What to work on: Emit the line that holds "Some of the words" and all lines following it through the end of the data, verbatim, and nothing else.

Data entries
************

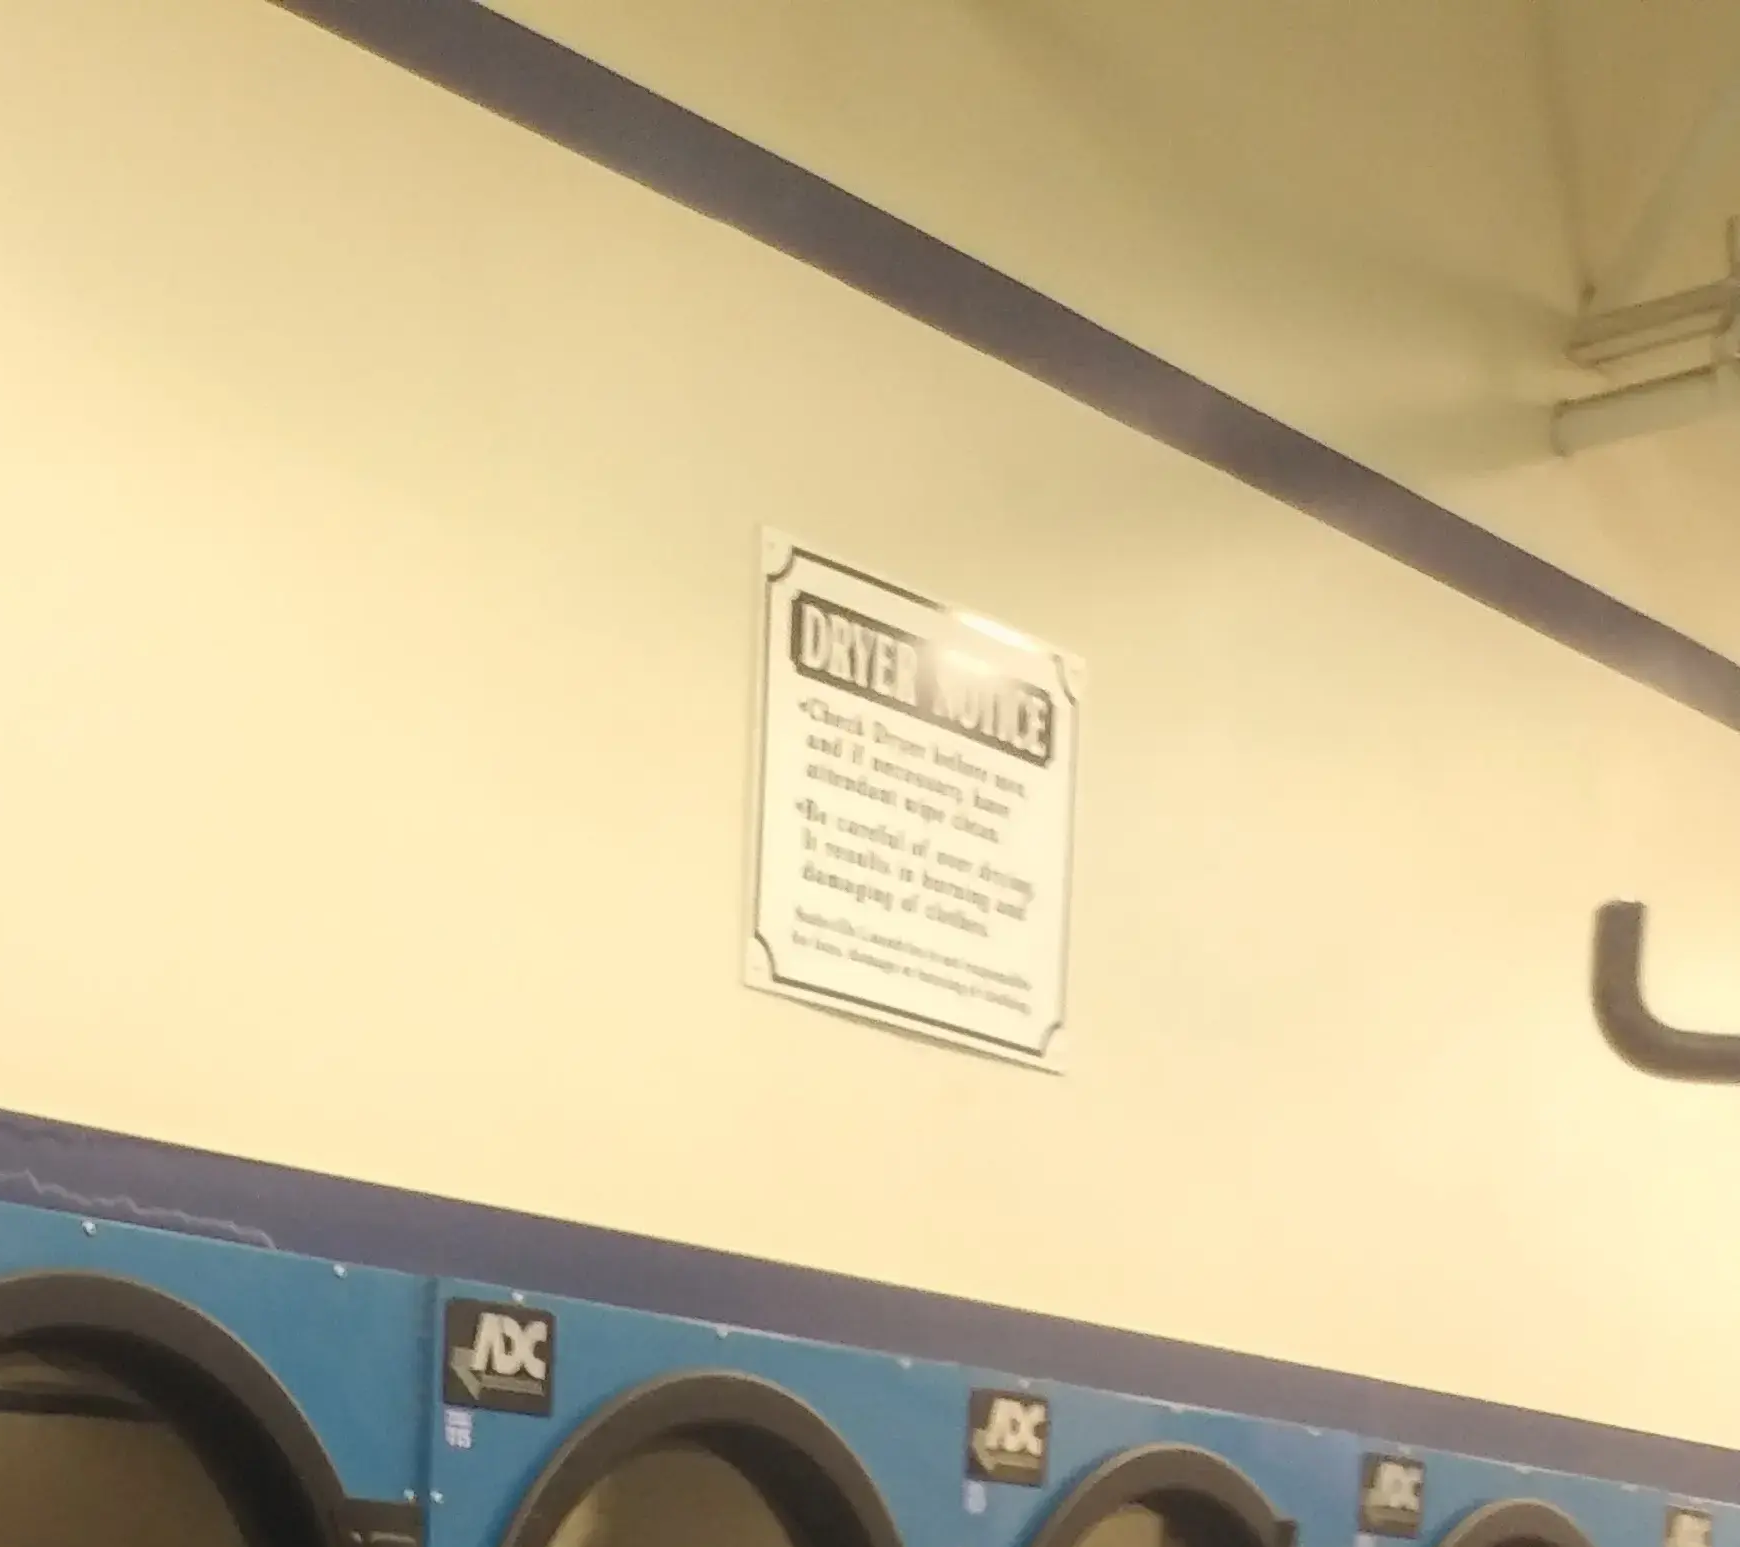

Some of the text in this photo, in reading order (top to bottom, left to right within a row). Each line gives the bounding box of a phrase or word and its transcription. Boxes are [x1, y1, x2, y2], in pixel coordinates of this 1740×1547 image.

[802, 604, 918, 708] DRYER
[474, 1312, 548, 1380] ADC
[985, 1398, 1046, 1456] ADC
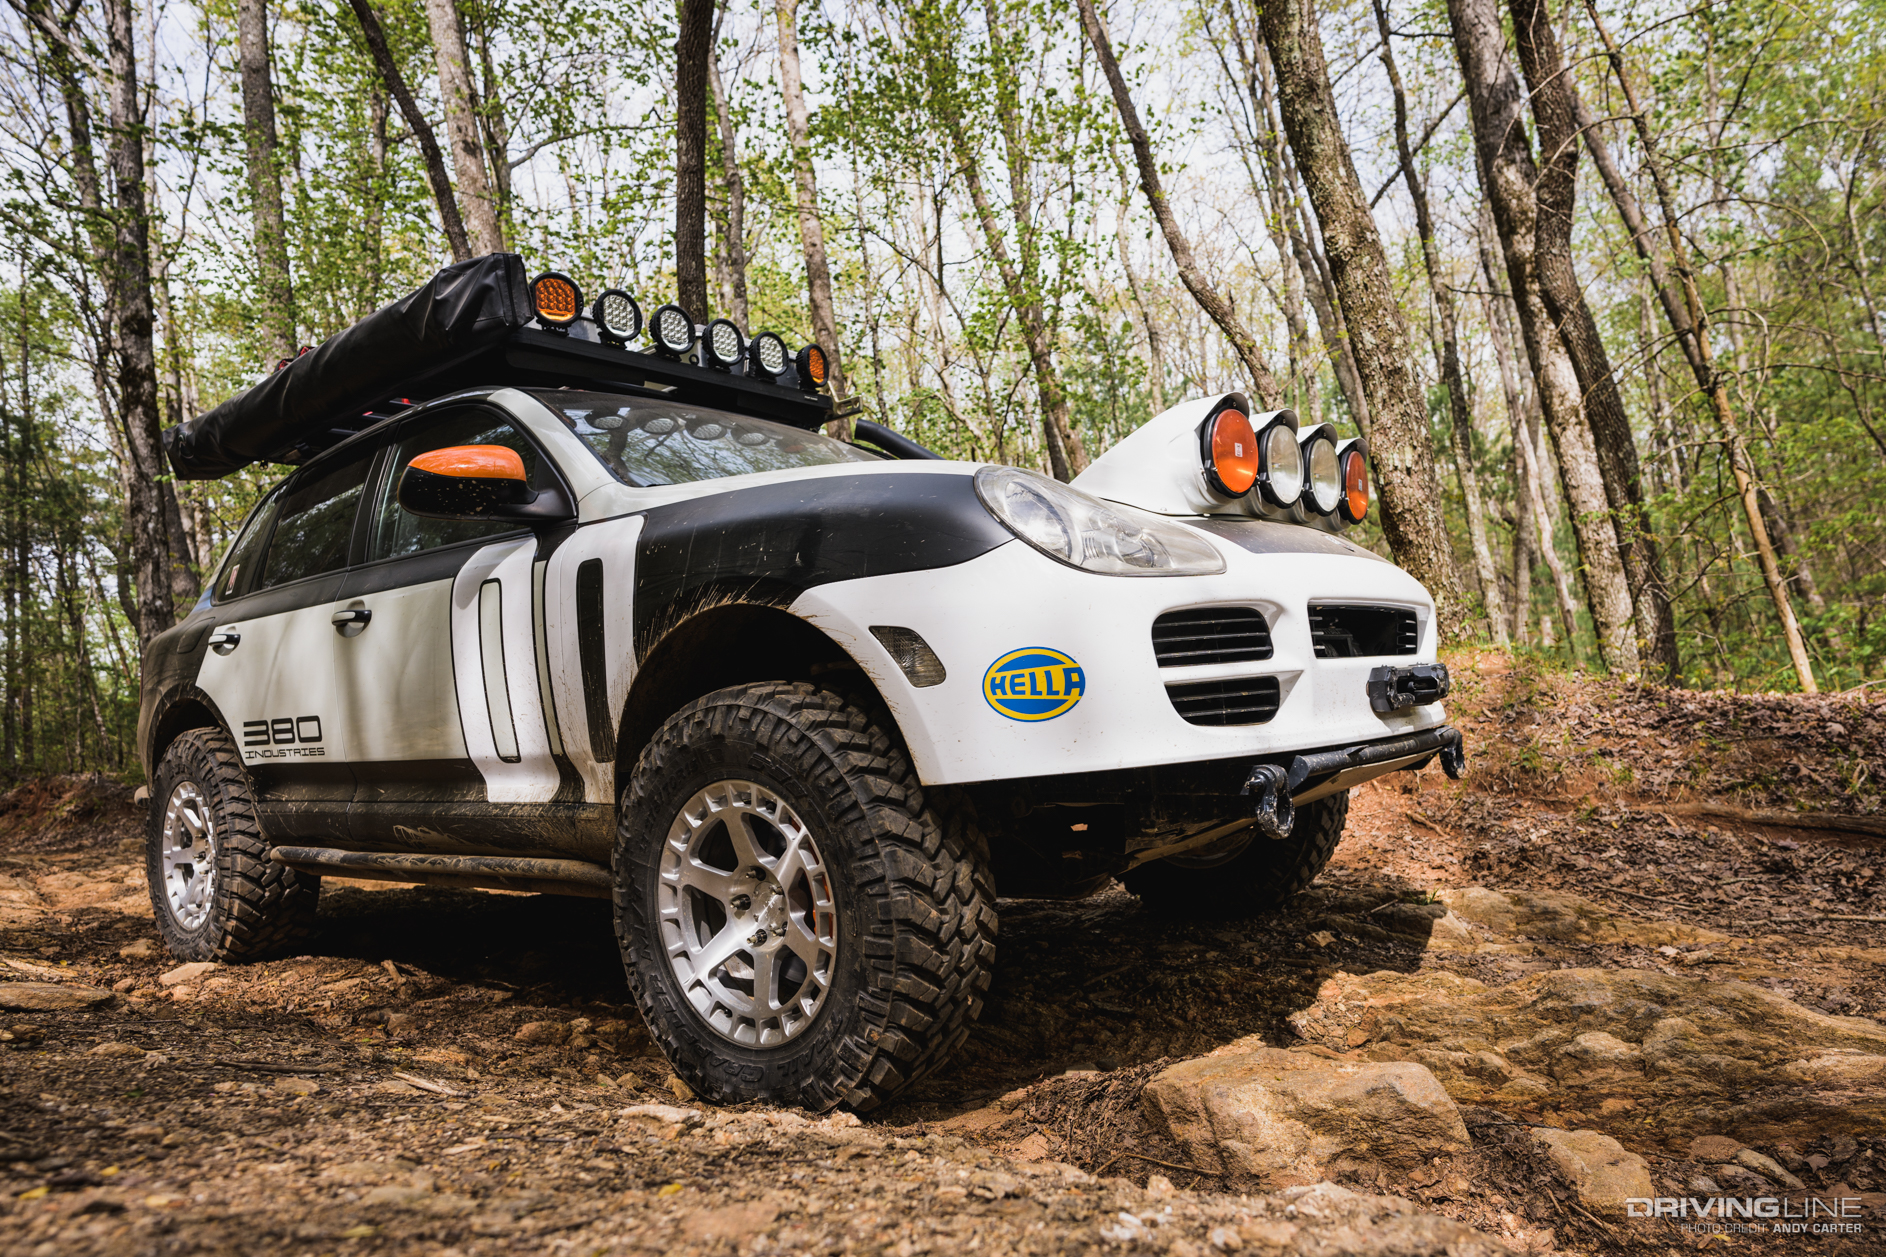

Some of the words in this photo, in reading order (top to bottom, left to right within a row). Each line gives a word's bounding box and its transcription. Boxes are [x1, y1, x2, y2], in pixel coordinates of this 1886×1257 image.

[989, 666, 1085, 696] HELLA
[243, 715, 322, 746] 380
[244, 747, 325, 759] INDUSTRIES
[646, 970, 766, 1084] GRAPPLER

************

Response for this exercise:
Some of the words in this photo, in reading order (top to bottom, left to right within a row). Each line gives a word's bounding box and its transcription. Boxes are [x1, y1, x2, y2], in pixel coordinates of this 1886×1257 image.

[989, 666, 1085, 696] HELLA
[243, 715, 322, 746] 380
[244, 747, 325, 759] INDUSTRIES
[646, 970, 766, 1084] GRAPPLER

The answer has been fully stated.